Figure 1. FinFET cross-section, with gate dielectric on fin sidewalls and top, and bulk silicon substrate
The FinFET cross-section depicts the gate spanning both sides and the top of the fin. For simplicity, a single gate dielectric layer is shown, abstracting the complex multi-layer dielectrics used to realize an “effective” oxide thickness (EOT). Similarly, a simple gate layer is shown, abstracting the multiple materials comprising the (metal) gate.
In the research literature, FinFET's have also been fabricated with a thick dielectric layer on top, limiting the gate's electrostatic control on the fin silicon to just the sidewalls. Some researchers have even fabricated independent gate signals, one for each fin sidewall – in this case, one gate is the device input and the other provides the equivalent of FET “back bias” control.
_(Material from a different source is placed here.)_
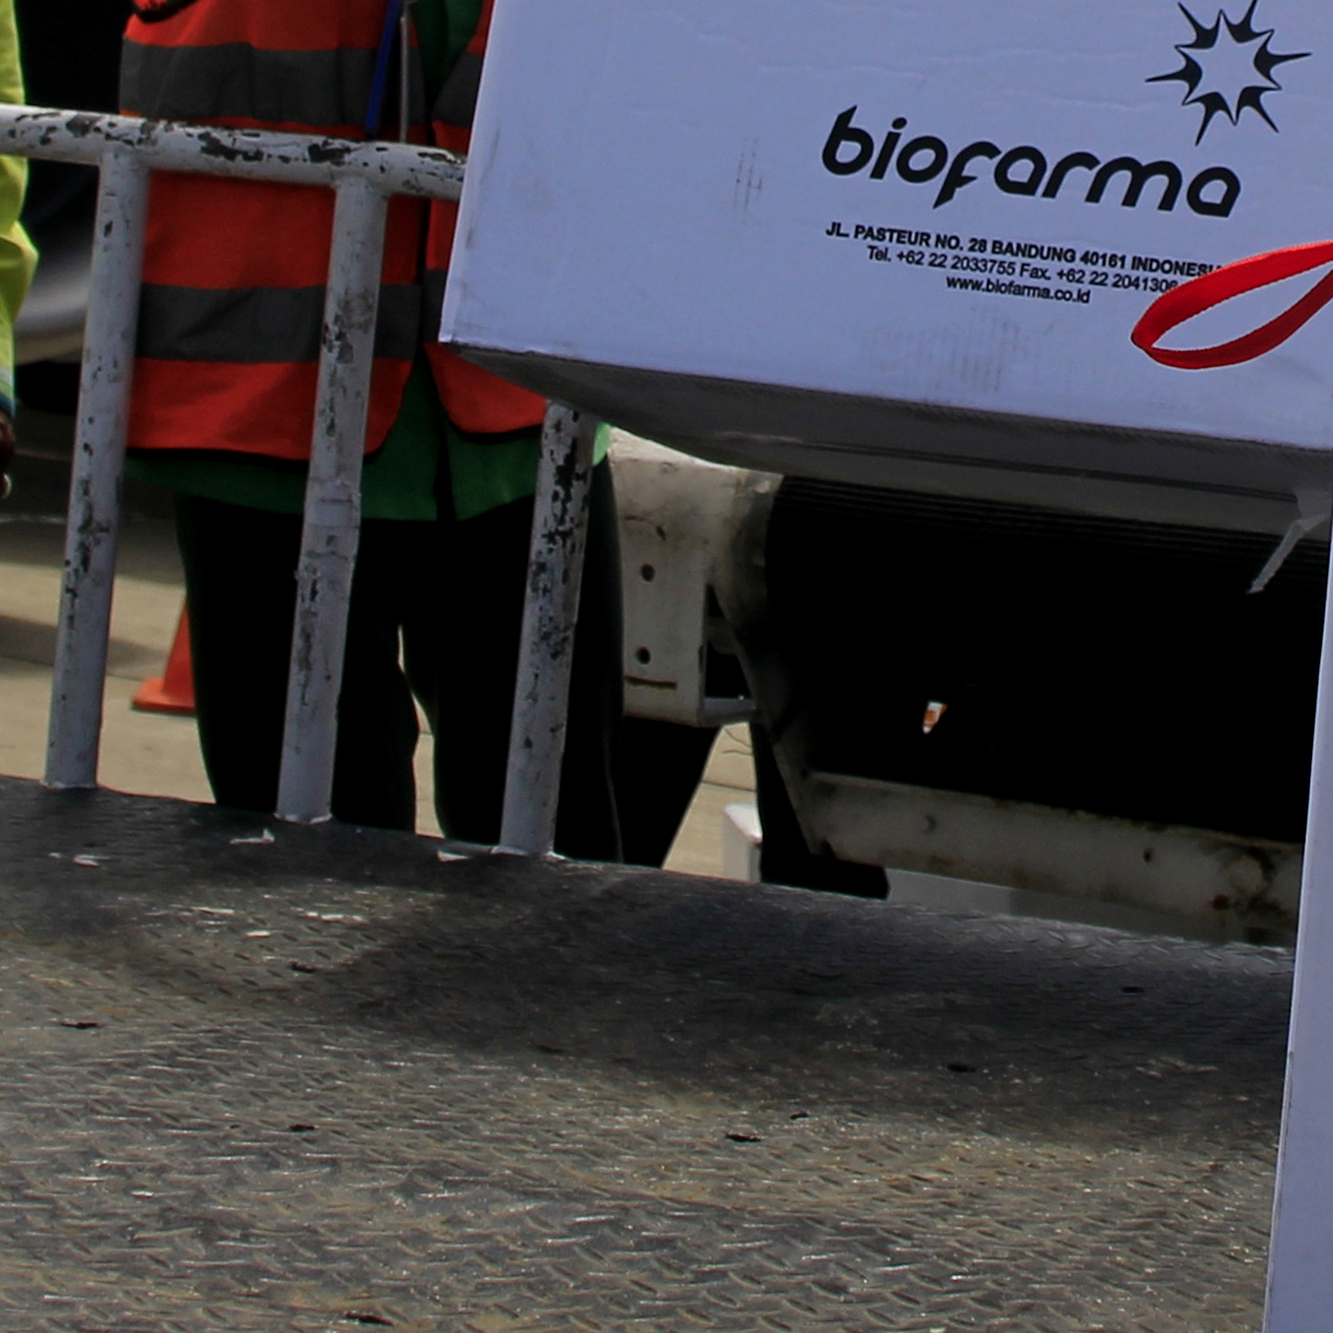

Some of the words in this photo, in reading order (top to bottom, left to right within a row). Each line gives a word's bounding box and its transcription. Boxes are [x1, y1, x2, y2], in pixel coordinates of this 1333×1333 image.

For the remainder of this series, the discussion will focus on the gate configuration shown, with a thin gate dielectric on three sides. (Intel denotes this as “Tri-Gate” in their recent IvyBridge product announcements.) Due to the more complex fabrication steps (and costs) of “dual-gate” and “independent-gate” devices, the expectation is that these alternatives will not reach high volume production, despite some of their unique electrical characteristics.
Another fabrication alternative is to provide an SOI substrate for the fin, rather than the bulk silicon substrate shown in the figure. In this series, the focus will be on bulk FinFET's, although differences between bulk and SOI substrate fabrication will be highlighted in several examples.
Figure 2. Multiple fins in parallel spaced s_fin apart, common gate input
Figure 2 illustrates a cross-section of multiple fins connected in parallel, with a continuous gate material spanning the fins. The Source and Drain nodes of the parallel fins are not visible in this cross-section – subsequent figures will show the layout and cross-section view of parallel S/D connections. The use of parallel fins to provide higher drive current introduces a third parameter, the local fin spacing (s_fin).
Simplistically, the effective device width of a single fin is: (2*h_fin + t_fin), the total measure of the gate's electrostatic control over the silicon channel. The goal of the fabrication process would be to enable a small fin spacing, so that the FinFET exceeds the device width that a planar FET process would otherwise provide:
s_fin < (2*h_fin + t_fin)
Subsequent discussions in this series will review some of the unique characteristics of FinFET's, which result in behavior that differs from the simple (2*h + t) channel surface current width multiplier.
The ideal topology of a “tall, narrow” fin for optimum circuit density is mitigated by the difficulties and variations associated with fabricating a high aspect ratio fin. In practice, an aspect ratio of (h_fin/t_fin ~2:1) is more realistic.
One immediate consequence of FinFET circuit design is that the increments of device width are limited to (2h + t), by adding another fin in parallel. Actually, due to the unique means by which fins are patterned, a common device width increment will be (2*(2h+t)), as will be discussed in the next installment in this series.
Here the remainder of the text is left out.